#### Problem details
Only the text is wanted; write out each record below exactly and exclude all pictures.

*** Opening of Records ***

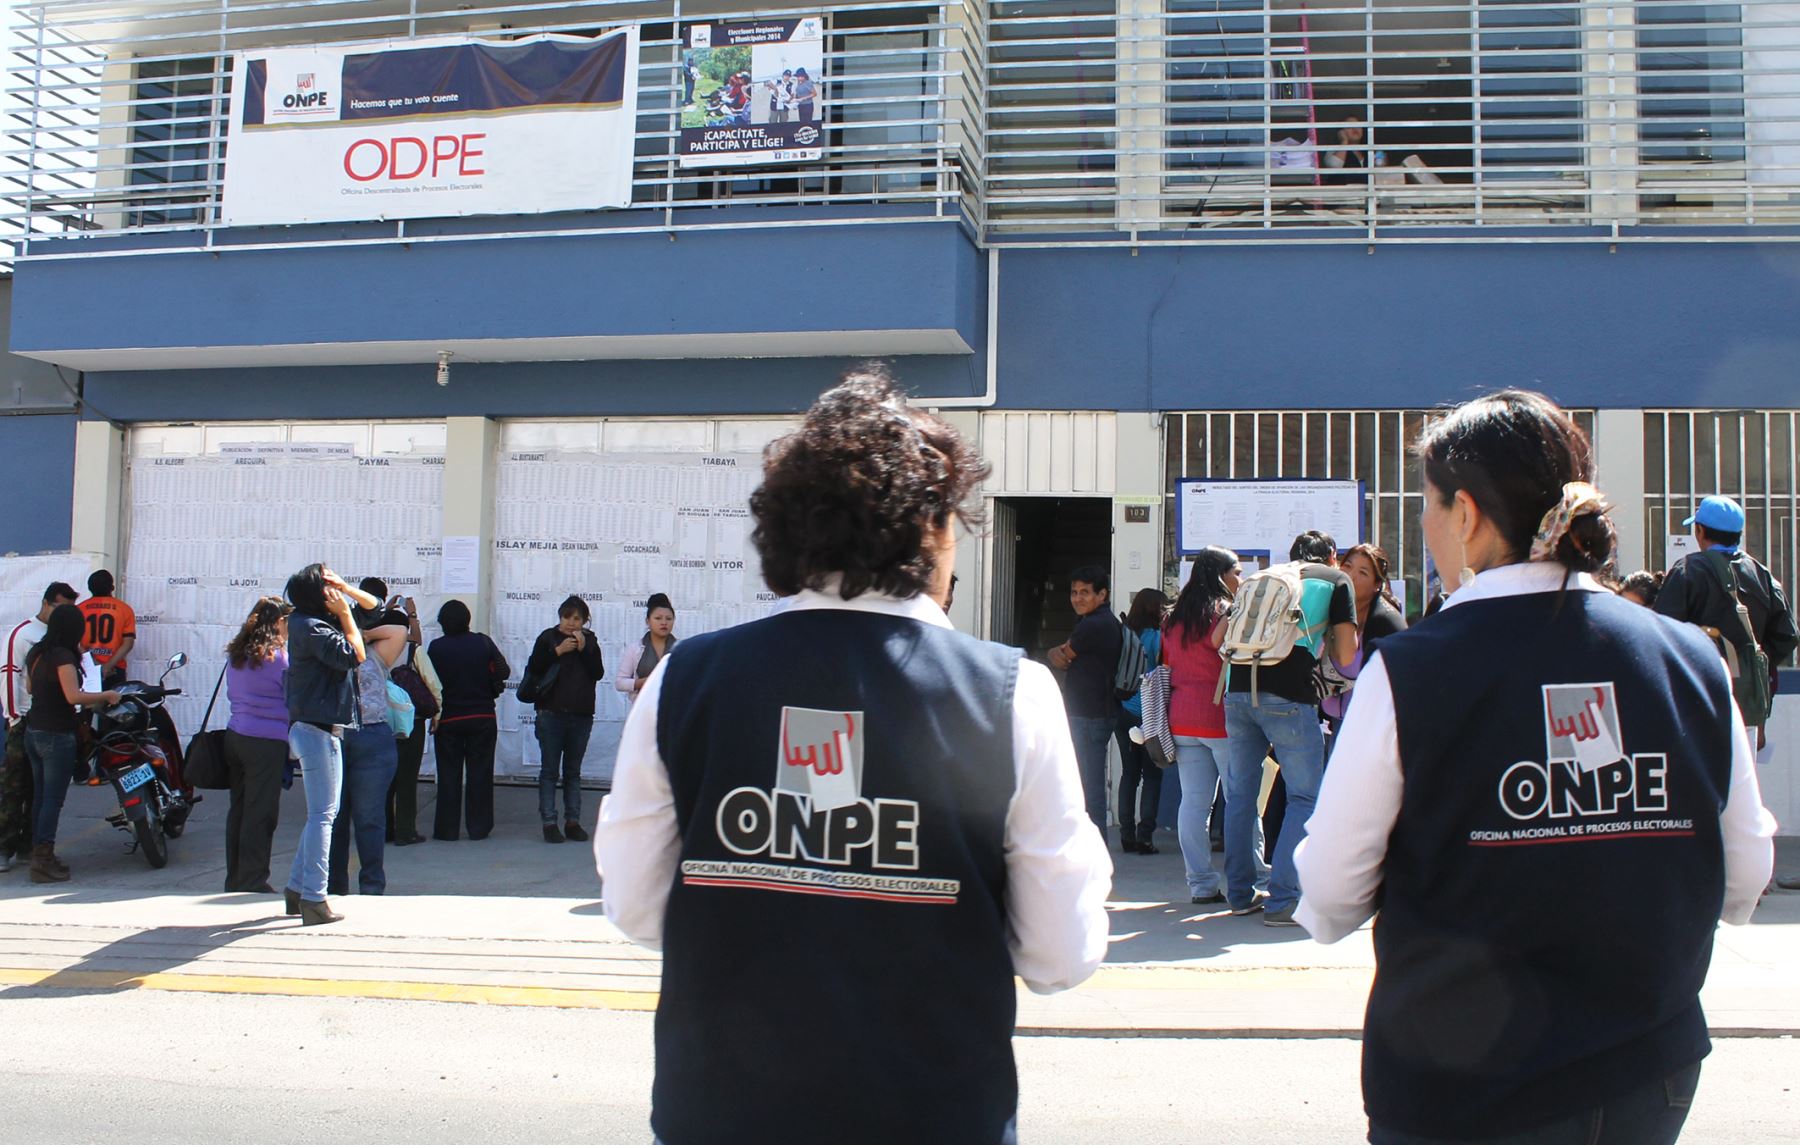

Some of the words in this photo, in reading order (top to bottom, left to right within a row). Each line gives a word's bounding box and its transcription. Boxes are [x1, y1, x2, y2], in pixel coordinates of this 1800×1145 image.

[283, 92, 327, 108] ONPE
[350, 98, 386, 109] Hacemos
[388, 98, 402, 109] que
[404, 96, 413, 105] tu
[414, 95, 430, 105] voto
[432, 94, 459, 103] cuente
[690, 140, 740, 151] PARTICIPA
[742, 140, 749, 149] Y
[751, 137, 784, 148] ELIGE!
[343, 133, 486, 181] ODPE
[359, 457, 390, 466] CAYMA
[702, 457, 736, 466] TIABAYA
[496, 540, 526, 549] ISLAY
[529, 542, 559, 550] MEJIA
[623, 545, 661, 553] COCACHACRA
[712, 561, 744, 569] VITOR
[168, 577, 198, 585] CHIGUATA
[391, 577, 421, 585] MOLLEBAY
[506, 592, 540, 600] MOLLENDO
[86, 613, 115, 644] 10
[1498, 753, 1668, 820] ONPE
[716, 786, 919, 870] ONPE
[1469, 829, 1511, 841] OFICINA
[1513, 826, 1568, 840] NACIONAL
[1569, 824, 1584, 835] DE
[1586, 821, 1632, 834] PROCESOS
[1634, 819, 1693, 831] ELECTORALES
[683, 861, 729, 874] OFICINA
[732, 864, 789, 879] NACIONAL
[791, 870, 808, 881] DE
[811, 871, 872, 887] PROCESOS
[875, 877, 958, 893] ELECTORALES

*** Close of Records ***

#### Solution
Some of the words in this photo, in reading order (top to bottom, left to right within a row). Each line gives a word's bounding box and its transcription. Boxes are [x1, y1, x2, y2], in pixel coordinates of this 1800×1145 image.

[283, 92, 327, 108] ONPE
[350, 98, 386, 109] Hacemos
[388, 98, 402, 109] que
[404, 96, 413, 105] tu
[414, 95, 430, 105] voto
[432, 94, 459, 103] cuente
[690, 140, 740, 151] PARTICIPA
[742, 140, 749, 149] Y
[751, 137, 784, 148] ELIGE!
[343, 133, 486, 181] ODPE
[359, 457, 390, 466] CAYMA
[702, 457, 736, 466] TIABAYA
[496, 540, 526, 549] ISLAY
[529, 542, 559, 550] MEJIA
[623, 545, 661, 553] COCACHACRA
[712, 561, 744, 569] VITOR
[168, 577, 198, 585] CHIGUATA
[391, 577, 421, 585] MOLLEBAY
[506, 592, 540, 600] MOLLENDO
[86, 613, 115, 644] 10
[1498, 753, 1668, 820] ONPE
[716, 786, 919, 870] ONPE
[1469, 829, 1511, 841] OFICINA
[1513, 826, 1568, 840] NACIONAL
[1569, 824, 1584, 835] DE
[1586, 821, 1632, 834] PROCESOS
[1634, 819, 1693, 831] ELECTORALES
[683, 861, 729, 874] OFICINA
[732, 864, 789, 879] NACIONAL
[791, 870, 808, 881] DE
[811, 871, 872, 887] PROCESOS
[875, 877, 958, 893] ELECTORALES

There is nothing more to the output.